QUEL FENOMENO DI ALARIO - A inizio ripresa Scaloni ha fatto due cambi e una modifica tattica e ha ribaltato la partita. Dentro Ocampos (per Correa), Acuna (per Rojo) e soprattutto difesa a tre. Anzi, stesso modulo della Germania, 3-4-3. I tedeschi hanno diminuito il ritmo e l’Argentina si è messa a giocare sempre con più convinzione. E siccome fra i meno convinti e convincenti c’era Dybala, il ct Scaloni lo ha sostituito con Alario e quella è stata una mossa decisiva perché Alario ha segnato 4 minuti dopo il suo ingresso in campo. Cross da sinistra di Acuna, Lucas Alario, anche lui avversario della Juve col Bayer Leverkusen, ha sfruttato il taglio al centro dell’area di Ocampos che ha mandato in confusione la coppia Koch-Süle e di testa ha battuto Ter Stegen. Alario è diventato il pericolo numero uno per la difesa tedesca, che ora stava pagando la difficoltà fisica e atletica di tutta la Germania. I tedeschi hanno mollato, l’iniziativa è passata agli argentini che hanno creato altre due buone occasioni, sempre con Alario, prima di segnare il 2-2. Serdar, entrato da pochi minuti, si è fatto portare via la palla a metà campo, Alario è partito come una furia, in area ha messo la palla buona sul piede dell’ex genoano Ocampos che, scaraventandola in porta, ha trovato una leggera ma forse decisiva deviazione del gomito di Emre Can. Il 2-2, alla fine, era il risultato esatto di una partita spaccata in due.

   
LE PAGELLE DEGLI “ITALIANI” - Cominciamo dall’unico tedesco, Emre Can. Come detto, lo juventino ha fatto il difensore in una linea a 3, non ha sbagliato un movimento, ha tenuto insieme il reparto, non ha mai sbandato. Era la sua prima partita da titolare dall’inizio della stagione.
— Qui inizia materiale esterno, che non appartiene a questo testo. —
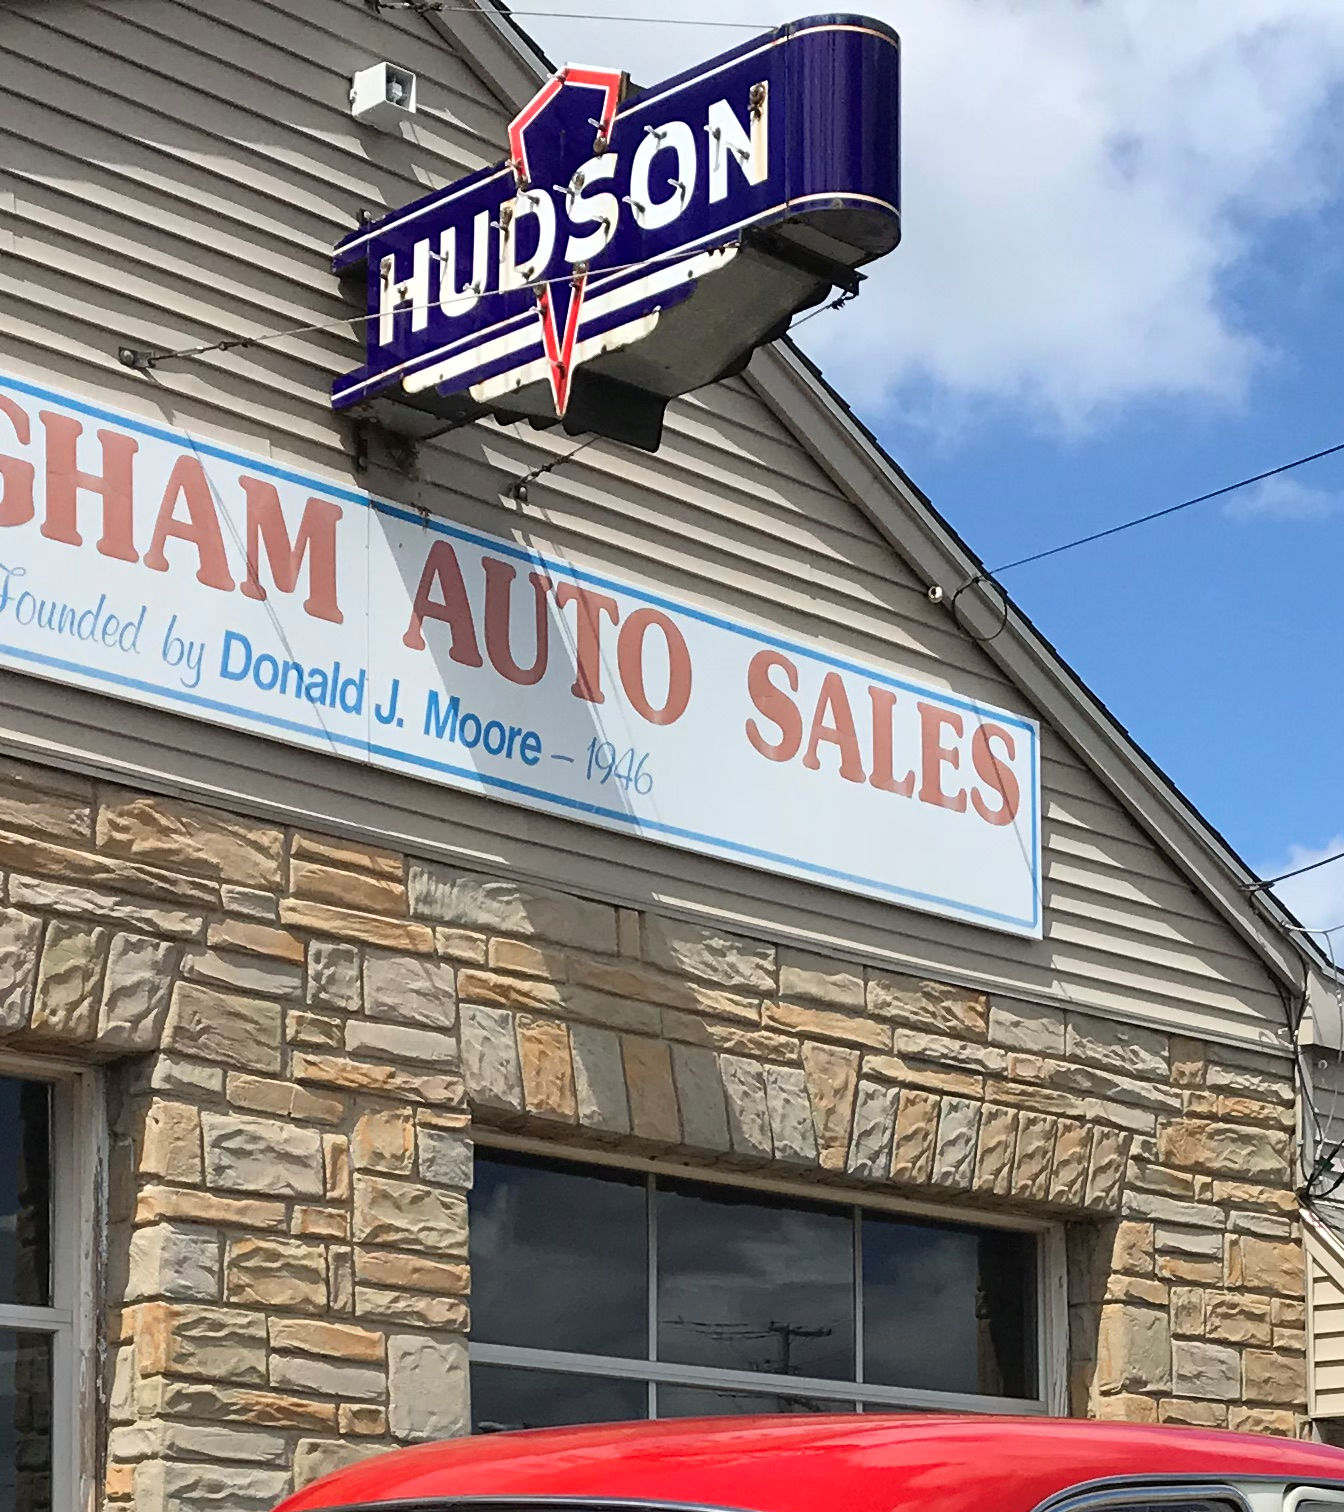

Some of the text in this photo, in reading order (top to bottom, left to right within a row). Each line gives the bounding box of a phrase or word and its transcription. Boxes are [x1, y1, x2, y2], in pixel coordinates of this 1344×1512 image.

Il messaggio partito da Dortmund diretto alla Continassa sarà prontamente recapitato a Sarri. Questo giocatore va recuperato. Voto 6,5. Dybala: un’altra prestazione sbagliata nella Seleccion. In più di un’ora di gioco è entrato sulla scena solo una volta a fine primo tempo, nessun altro spunto di rilievo. A San Siro era un altro. Giusta la sostituzione: Alario è entrato al suo posto e si è preso tutto. Voto 5. De Paul: ha fatto il regista assai più di Paredes, ha dato gioco e idee, in più ha colpito un palo. Anche nel primo tempo, quando l’Argentina faticava a giocare, lui era presente a se stesso e alla gara. Voto 6,5. Lautaro Martinez: Scaloni lo ha tenuto in campo fino al 90', non ha brillato, ma si è battuto con forza, soprattutto nella ripresa. Voto 5,5.

     

   

 Germania-Argentina 2-2


GERMANIA (3-4-3): Ter Stegen 6; Emre Can 6,5 Koch 5,5 Süle 5,5; Klostermann 7 Havertz 6,5 (38' st Rudy sv) Kimmich 6 Halstenberg 6; Waldschmidt 5,5 Gnabry 7,5 (26' st Serdar 5) Brandt 6,5 (21' st Amiri 5,5). Ct: Löw 6

ARGENTINA (4-4-2): Marchesin 6; Foyth 5,5 Otamendi 6 Rojo 5 (1' st Acuna 6,5) Tagliafico 5,5; Pereyra 5,5 (32' st Saravia sv) De Paul 6,5 (47' st Guido Rodriguez sv) Paredes 6 Angel Correa 5 (1' st Ocampos 7); Dybala 5 (17' st Alario 7,5) Lautaro Martinez 5,5. Ct: Scaloni 6,5

ARBITRO: Turpin (Francia) 6,5

MARCATORI: 15' pt Gnabry (G), 22' pt Havertz (G), 21' st Alario (A), 40' st Ocampos (A)

AMMONITI: 11' pt Kimmich (G), 26' pt Otamendi (A), 40' st Ocampos (A) per gioco falloso.